ASSIGNMENT: Find where "this 1423×1280 image." appears in the records below, then return that line and every later line exactly, stopping only at the last line.

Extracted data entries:
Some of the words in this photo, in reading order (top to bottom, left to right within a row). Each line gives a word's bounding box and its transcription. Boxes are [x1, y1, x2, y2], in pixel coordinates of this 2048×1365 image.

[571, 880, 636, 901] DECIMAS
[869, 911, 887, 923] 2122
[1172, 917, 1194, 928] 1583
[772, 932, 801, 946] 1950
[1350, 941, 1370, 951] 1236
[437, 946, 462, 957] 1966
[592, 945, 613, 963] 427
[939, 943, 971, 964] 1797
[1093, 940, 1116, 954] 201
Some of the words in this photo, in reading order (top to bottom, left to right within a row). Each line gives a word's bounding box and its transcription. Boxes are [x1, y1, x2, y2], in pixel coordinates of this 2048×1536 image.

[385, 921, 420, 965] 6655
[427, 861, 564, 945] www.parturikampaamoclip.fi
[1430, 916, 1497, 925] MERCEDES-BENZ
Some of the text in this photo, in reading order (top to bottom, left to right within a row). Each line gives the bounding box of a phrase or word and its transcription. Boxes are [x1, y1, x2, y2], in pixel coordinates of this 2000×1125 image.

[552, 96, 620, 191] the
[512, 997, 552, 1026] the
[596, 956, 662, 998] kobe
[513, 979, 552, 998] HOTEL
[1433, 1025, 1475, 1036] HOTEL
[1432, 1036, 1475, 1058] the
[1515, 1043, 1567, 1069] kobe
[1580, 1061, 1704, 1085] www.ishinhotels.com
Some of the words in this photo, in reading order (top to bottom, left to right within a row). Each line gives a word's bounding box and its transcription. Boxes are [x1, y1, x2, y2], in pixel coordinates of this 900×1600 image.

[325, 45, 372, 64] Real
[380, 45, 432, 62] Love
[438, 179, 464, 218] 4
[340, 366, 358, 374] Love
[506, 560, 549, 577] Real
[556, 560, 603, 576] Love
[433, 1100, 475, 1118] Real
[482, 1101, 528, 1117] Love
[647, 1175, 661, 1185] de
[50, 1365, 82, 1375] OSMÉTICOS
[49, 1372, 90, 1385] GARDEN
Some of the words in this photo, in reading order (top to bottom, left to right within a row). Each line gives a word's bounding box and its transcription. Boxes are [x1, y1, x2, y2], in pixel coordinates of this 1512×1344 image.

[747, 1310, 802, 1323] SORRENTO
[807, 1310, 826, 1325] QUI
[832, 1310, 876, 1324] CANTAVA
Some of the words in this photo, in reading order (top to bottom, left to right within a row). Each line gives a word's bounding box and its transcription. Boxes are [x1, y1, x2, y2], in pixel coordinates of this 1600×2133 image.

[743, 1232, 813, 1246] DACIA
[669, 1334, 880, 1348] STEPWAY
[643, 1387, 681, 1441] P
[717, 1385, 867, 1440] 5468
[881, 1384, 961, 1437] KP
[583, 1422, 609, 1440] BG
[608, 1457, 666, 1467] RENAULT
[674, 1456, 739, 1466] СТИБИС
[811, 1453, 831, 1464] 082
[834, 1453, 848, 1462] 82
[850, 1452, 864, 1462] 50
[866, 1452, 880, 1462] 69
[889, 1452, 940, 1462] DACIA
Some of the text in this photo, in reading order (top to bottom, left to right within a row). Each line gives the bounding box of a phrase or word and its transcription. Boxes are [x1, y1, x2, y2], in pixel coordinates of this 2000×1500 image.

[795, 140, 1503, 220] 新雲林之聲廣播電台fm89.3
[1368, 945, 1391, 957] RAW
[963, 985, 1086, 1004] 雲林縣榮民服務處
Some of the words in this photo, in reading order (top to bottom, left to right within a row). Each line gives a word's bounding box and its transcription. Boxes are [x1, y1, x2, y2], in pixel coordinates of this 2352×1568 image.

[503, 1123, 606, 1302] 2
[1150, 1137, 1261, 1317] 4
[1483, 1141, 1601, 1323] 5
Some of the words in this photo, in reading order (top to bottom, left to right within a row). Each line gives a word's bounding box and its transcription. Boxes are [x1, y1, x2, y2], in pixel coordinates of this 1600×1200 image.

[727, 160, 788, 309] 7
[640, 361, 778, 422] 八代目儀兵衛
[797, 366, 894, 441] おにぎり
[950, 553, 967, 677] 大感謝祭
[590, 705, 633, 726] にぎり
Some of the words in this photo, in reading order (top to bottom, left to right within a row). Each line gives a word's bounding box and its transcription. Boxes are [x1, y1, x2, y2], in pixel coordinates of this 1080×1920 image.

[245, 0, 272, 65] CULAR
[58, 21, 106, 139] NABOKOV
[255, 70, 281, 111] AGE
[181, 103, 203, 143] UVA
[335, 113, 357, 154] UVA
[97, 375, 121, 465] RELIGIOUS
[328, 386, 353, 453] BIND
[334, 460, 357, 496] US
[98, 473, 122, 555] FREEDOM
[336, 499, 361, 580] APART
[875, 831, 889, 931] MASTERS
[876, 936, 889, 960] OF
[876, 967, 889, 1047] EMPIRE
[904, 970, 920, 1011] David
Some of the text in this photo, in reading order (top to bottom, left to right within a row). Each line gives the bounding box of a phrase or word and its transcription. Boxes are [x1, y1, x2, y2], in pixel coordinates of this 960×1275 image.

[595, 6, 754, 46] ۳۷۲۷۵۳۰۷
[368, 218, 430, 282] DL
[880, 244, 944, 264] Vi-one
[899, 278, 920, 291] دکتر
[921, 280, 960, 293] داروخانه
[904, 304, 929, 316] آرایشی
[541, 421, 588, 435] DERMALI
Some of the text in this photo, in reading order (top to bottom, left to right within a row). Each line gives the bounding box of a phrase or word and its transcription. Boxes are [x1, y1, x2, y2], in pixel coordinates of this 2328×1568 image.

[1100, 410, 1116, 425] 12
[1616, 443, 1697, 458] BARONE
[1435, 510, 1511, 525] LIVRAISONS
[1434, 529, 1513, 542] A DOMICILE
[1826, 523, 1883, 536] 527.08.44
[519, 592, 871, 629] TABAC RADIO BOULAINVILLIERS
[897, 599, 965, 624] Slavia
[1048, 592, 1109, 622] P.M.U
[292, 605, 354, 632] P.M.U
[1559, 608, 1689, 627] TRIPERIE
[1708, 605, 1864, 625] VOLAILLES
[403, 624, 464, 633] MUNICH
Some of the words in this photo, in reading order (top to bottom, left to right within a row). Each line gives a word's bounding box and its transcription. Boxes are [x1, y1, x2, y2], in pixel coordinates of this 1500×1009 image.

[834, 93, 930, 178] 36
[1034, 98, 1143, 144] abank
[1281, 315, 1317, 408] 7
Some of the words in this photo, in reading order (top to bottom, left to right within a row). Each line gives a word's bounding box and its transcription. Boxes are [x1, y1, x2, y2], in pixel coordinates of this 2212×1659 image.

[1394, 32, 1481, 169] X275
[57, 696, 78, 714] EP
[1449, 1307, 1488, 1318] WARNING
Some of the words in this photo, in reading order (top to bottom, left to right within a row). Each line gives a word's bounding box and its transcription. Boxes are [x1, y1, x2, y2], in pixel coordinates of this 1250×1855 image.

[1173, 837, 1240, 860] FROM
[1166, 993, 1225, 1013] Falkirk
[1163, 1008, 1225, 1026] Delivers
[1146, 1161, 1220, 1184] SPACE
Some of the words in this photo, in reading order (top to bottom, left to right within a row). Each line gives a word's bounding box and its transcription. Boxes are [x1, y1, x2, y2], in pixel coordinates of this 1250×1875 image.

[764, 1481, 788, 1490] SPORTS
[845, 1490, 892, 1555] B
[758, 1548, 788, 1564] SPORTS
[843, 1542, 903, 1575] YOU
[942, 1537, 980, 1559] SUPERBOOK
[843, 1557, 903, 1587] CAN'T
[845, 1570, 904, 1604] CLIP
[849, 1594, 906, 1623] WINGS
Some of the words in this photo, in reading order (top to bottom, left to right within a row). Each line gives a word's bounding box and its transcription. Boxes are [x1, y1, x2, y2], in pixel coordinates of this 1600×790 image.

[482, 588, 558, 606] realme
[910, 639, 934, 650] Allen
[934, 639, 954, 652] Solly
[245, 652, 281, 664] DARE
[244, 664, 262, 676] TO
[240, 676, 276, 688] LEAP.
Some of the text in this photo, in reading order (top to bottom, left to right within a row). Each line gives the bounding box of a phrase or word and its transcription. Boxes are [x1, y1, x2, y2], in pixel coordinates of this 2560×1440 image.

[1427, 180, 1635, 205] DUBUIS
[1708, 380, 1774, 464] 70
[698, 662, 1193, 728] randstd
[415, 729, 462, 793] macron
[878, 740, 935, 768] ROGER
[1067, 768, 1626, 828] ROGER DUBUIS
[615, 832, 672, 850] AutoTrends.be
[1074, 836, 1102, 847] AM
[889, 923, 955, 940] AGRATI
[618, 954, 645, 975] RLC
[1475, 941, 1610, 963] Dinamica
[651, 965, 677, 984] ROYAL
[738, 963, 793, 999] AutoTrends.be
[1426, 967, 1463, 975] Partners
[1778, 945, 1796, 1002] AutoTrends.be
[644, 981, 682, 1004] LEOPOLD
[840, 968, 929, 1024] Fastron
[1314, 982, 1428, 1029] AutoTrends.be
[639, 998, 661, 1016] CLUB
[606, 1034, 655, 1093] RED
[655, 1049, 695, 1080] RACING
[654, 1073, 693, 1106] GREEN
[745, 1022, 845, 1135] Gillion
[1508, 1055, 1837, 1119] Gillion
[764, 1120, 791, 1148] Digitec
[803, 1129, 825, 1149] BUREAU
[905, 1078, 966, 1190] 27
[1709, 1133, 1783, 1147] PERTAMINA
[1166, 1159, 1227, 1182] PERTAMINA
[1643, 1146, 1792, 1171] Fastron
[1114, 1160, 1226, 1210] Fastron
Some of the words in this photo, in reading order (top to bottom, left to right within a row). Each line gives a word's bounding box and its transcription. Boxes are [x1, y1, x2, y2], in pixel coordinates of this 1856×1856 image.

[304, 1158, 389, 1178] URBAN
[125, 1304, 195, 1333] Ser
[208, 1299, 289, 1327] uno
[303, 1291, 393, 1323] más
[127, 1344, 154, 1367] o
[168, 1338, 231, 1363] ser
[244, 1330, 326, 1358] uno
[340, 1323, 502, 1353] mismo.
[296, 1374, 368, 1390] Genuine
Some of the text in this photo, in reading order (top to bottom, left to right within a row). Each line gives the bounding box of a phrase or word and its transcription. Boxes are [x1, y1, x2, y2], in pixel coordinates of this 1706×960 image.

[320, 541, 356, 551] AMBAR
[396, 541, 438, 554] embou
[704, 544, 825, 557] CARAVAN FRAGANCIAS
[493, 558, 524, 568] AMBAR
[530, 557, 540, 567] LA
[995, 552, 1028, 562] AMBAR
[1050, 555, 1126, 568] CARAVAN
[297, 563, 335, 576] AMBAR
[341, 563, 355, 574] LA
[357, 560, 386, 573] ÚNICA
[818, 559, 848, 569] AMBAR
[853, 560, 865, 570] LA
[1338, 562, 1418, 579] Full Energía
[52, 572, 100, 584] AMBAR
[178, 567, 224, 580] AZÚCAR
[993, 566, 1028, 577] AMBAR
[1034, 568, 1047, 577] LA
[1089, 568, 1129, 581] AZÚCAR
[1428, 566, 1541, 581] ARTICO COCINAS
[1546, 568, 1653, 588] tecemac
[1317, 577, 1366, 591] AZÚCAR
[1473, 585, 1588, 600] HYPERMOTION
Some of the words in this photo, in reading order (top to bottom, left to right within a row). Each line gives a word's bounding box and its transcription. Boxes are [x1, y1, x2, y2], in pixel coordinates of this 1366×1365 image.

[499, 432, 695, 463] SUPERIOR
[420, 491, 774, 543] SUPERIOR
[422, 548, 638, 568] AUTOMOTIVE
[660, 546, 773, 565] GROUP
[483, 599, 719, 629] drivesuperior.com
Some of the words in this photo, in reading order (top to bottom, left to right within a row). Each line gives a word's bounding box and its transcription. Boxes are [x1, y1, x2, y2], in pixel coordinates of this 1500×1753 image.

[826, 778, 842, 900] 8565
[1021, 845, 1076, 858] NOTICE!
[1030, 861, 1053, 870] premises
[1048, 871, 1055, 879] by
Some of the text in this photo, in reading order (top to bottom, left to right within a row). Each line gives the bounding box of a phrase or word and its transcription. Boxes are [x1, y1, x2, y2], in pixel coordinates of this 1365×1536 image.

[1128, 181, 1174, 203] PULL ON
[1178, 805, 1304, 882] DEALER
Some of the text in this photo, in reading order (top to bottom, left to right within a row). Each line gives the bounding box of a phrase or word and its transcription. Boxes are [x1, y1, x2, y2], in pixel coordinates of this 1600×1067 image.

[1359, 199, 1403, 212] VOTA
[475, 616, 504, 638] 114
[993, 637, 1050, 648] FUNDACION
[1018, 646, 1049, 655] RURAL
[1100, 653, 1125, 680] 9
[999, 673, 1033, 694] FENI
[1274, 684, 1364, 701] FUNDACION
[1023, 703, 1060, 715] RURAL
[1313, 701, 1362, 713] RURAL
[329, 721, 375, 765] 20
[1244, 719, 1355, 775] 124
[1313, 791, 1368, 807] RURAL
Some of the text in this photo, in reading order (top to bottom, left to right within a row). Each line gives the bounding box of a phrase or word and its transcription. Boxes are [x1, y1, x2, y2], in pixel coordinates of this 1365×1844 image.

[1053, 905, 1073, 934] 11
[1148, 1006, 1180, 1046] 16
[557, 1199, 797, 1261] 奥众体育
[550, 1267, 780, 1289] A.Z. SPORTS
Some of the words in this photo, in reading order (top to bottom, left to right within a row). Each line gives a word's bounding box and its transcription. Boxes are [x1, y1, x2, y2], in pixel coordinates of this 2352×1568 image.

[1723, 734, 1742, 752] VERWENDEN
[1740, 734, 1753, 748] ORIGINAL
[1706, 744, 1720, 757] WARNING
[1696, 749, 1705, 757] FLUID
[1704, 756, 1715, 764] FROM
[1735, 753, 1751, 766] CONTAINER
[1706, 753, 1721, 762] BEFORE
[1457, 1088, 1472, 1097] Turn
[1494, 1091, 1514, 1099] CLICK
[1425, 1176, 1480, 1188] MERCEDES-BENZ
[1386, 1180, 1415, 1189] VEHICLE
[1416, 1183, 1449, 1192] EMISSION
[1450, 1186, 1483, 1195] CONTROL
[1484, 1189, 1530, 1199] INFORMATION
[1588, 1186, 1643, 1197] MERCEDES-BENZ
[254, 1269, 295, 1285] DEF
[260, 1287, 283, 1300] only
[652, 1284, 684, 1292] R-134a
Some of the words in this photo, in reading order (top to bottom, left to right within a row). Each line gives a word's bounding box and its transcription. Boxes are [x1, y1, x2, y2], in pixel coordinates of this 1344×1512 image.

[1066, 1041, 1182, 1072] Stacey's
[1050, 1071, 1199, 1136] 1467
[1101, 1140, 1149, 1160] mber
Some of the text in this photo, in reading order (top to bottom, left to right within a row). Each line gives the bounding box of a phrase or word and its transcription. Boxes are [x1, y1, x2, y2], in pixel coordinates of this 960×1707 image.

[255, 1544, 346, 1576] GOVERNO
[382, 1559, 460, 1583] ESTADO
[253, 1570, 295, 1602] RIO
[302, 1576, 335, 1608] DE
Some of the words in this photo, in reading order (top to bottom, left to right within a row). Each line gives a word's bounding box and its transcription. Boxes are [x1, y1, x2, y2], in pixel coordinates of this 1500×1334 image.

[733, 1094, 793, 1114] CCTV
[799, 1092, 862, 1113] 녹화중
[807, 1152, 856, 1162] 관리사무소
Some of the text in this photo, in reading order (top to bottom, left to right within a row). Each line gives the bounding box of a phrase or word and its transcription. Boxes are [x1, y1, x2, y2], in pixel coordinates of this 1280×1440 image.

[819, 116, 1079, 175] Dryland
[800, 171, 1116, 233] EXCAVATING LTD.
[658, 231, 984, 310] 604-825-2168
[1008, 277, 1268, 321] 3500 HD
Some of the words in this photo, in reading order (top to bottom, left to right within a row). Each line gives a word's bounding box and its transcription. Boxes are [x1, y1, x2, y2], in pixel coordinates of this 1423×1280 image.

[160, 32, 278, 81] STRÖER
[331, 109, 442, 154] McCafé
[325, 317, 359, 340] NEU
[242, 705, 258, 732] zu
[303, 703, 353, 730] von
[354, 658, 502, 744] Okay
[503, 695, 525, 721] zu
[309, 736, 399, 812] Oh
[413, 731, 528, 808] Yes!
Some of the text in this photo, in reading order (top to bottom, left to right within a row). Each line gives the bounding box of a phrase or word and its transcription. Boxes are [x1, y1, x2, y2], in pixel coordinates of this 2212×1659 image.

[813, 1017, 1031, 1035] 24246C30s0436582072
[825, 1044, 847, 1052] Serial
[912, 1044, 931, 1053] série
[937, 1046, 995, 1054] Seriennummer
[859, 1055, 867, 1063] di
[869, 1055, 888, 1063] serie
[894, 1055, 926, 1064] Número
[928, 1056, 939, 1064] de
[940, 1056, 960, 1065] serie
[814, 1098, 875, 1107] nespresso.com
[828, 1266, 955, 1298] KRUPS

EXERCISE ANSWER:
Some of the words in this photo, in reading order (top to bottom, left to right within a row). Each line gives a word's bounding box and its transcription. Boxes are [x1, y1, x2, y2], in pixel coordinates of this 1423×1280 image.

[160, 32, 278, 81] STRÖER
[331, 109, 442, 154] McCafé
[325, 317, 359, 340] NEU
[242, 705, 258, 732] zu
[303, 703, 353, 730] von
[354, 658, 502, 744] Okay
[503, 695, 525, 721] zu
[309, 736, 399, 812] Oh
[413, 731, 528, 808] Yes!
Some of the text in this photo, in reading order (top to bottom, left to right within a row). Each line gives the bounding box of a phrase or word and its transcription. Boxes are [x1, y1, x2, y2], in pixel coordinates of this 2212×1659 image.

[813, 1017, 1031, 1035] 24246C30s0436582072
[825, 1044, 847, 1052] Serial
[912, 1044, 931, 1053] série
[937, 1046, 995, 1054] Seriennummer
[859, 1055, 867, 1063] di
[869, 1055, 888, 1063] serie
[894, 1055, 926, 1064] Número
[928, 1056, 939, 1064] de
[940, 1056, 960, 1065] serie
[814, 1098, 875, 1107] nespresso.com
[828, 1266, 955, 1298] KRUPS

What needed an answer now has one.